» ASSIGNED TASK:
Only the pictures are to be dropped; the rest of the data below is to be duplicated exactly.

##### DATA FOR THIS TASK #####

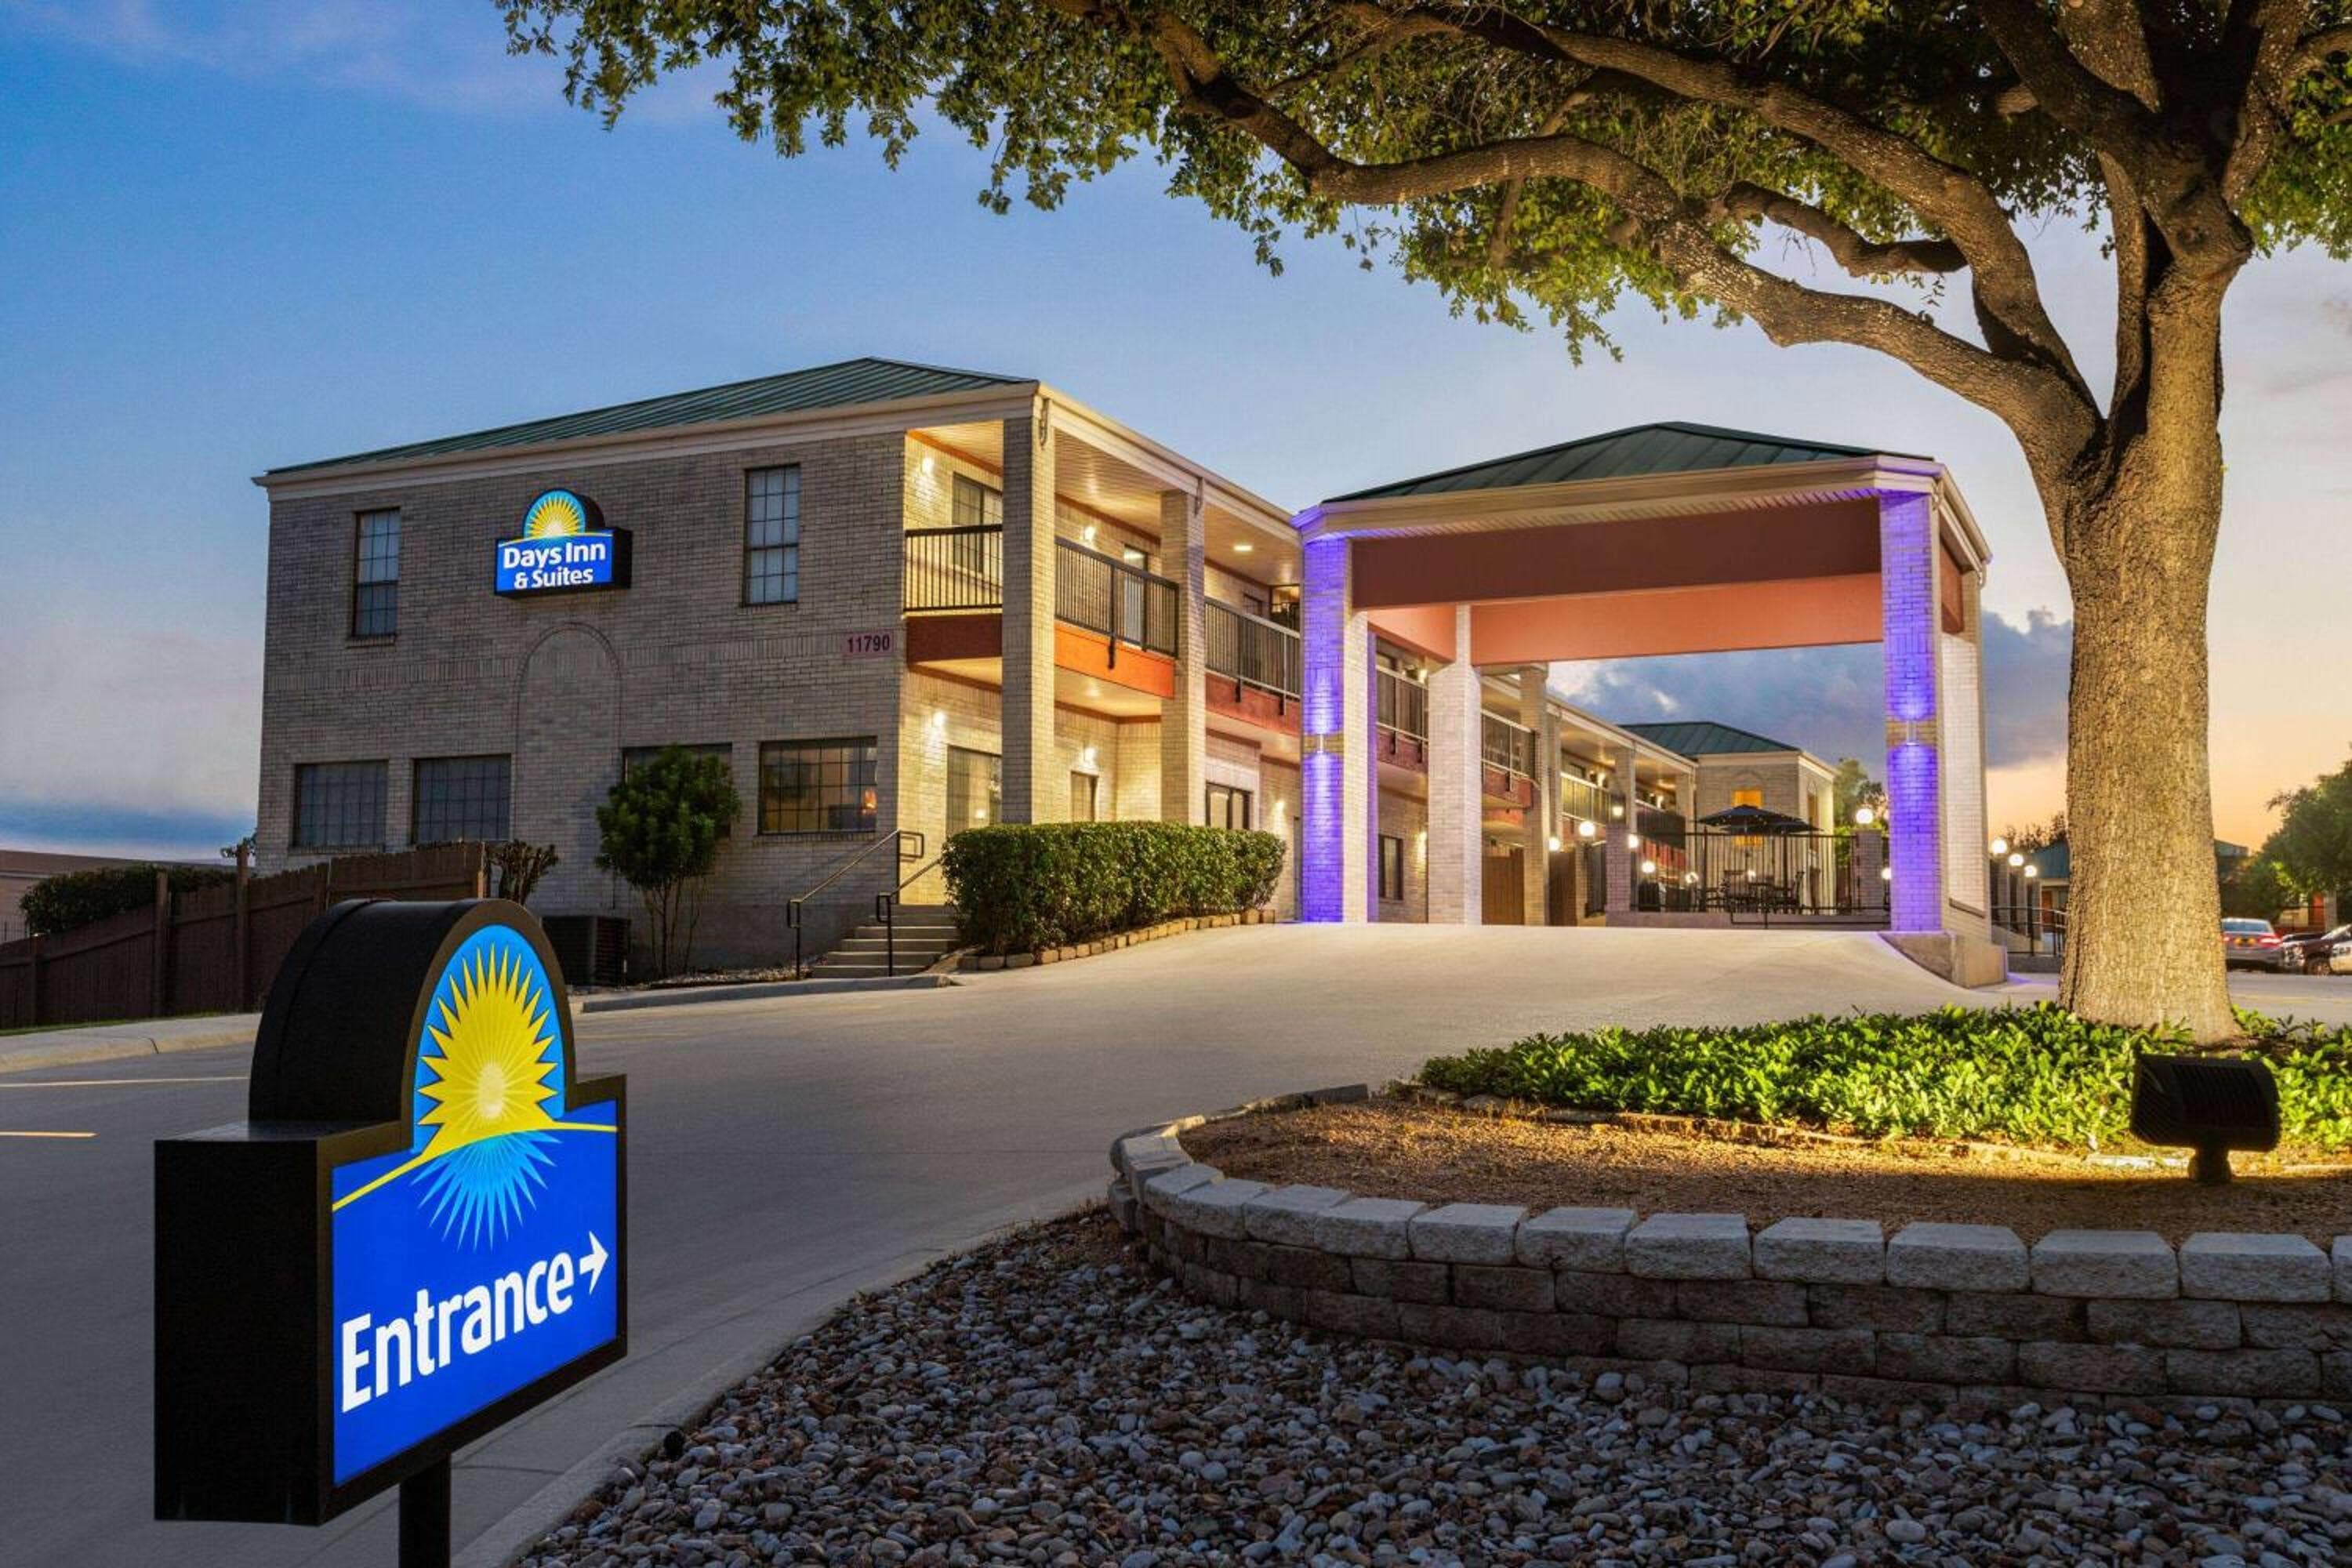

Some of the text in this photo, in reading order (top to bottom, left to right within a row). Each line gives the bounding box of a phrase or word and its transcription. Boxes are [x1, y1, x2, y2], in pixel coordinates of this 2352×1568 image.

[503, 542, 606, 568] Days Inn
[514, 566, 593, 589] & Suites
[848, 634, 890, 652] 11790
[340, 1251, 574, 1414] Entrance
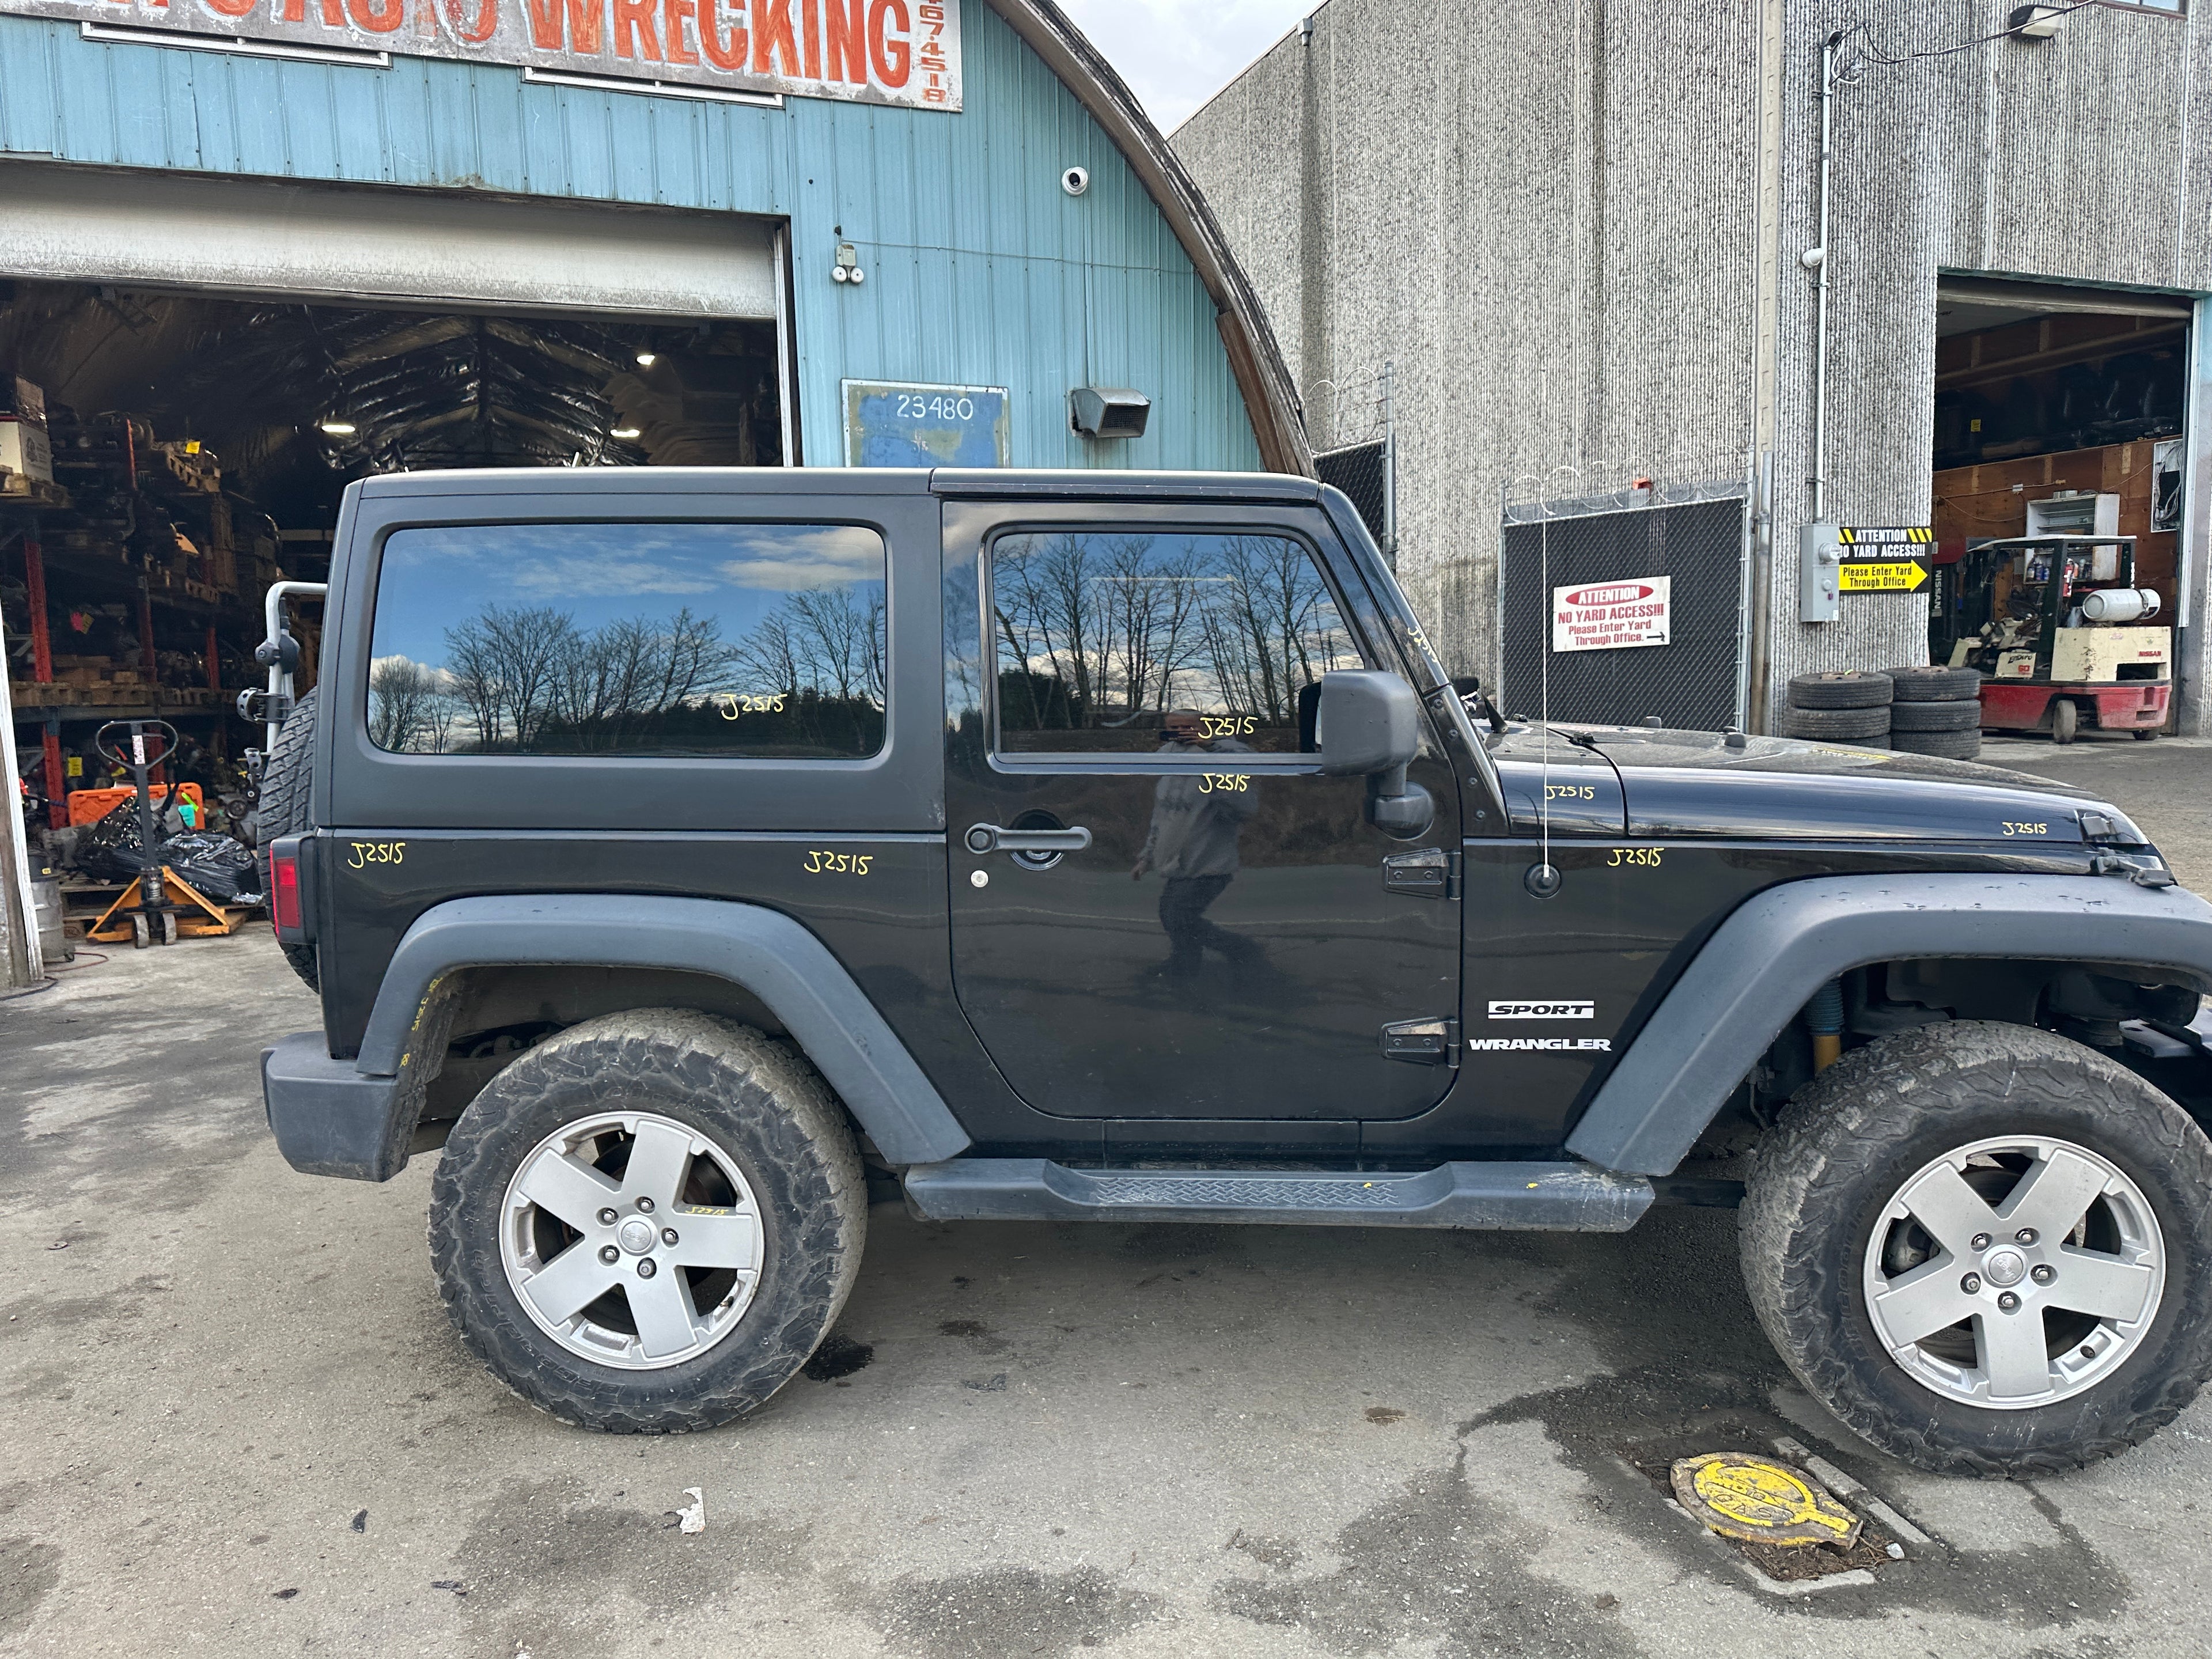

#####

» ANSWER TO THIS EXERCISE:
Some of the text in this photo, in reading order (top to bottom, left to right within a row). Each line gives the bounding box of a phrase or word and its transcription. Boxes are [x1, y1, x2, y2], in pixel coordinates of this 2352×1568 image.

[503, 542, 606, 568] Days Inn
[514, 566, 593, 589] & Suites
[848, 634, 890, 652] 11790
[340, 1251, 574, 1414] Entrance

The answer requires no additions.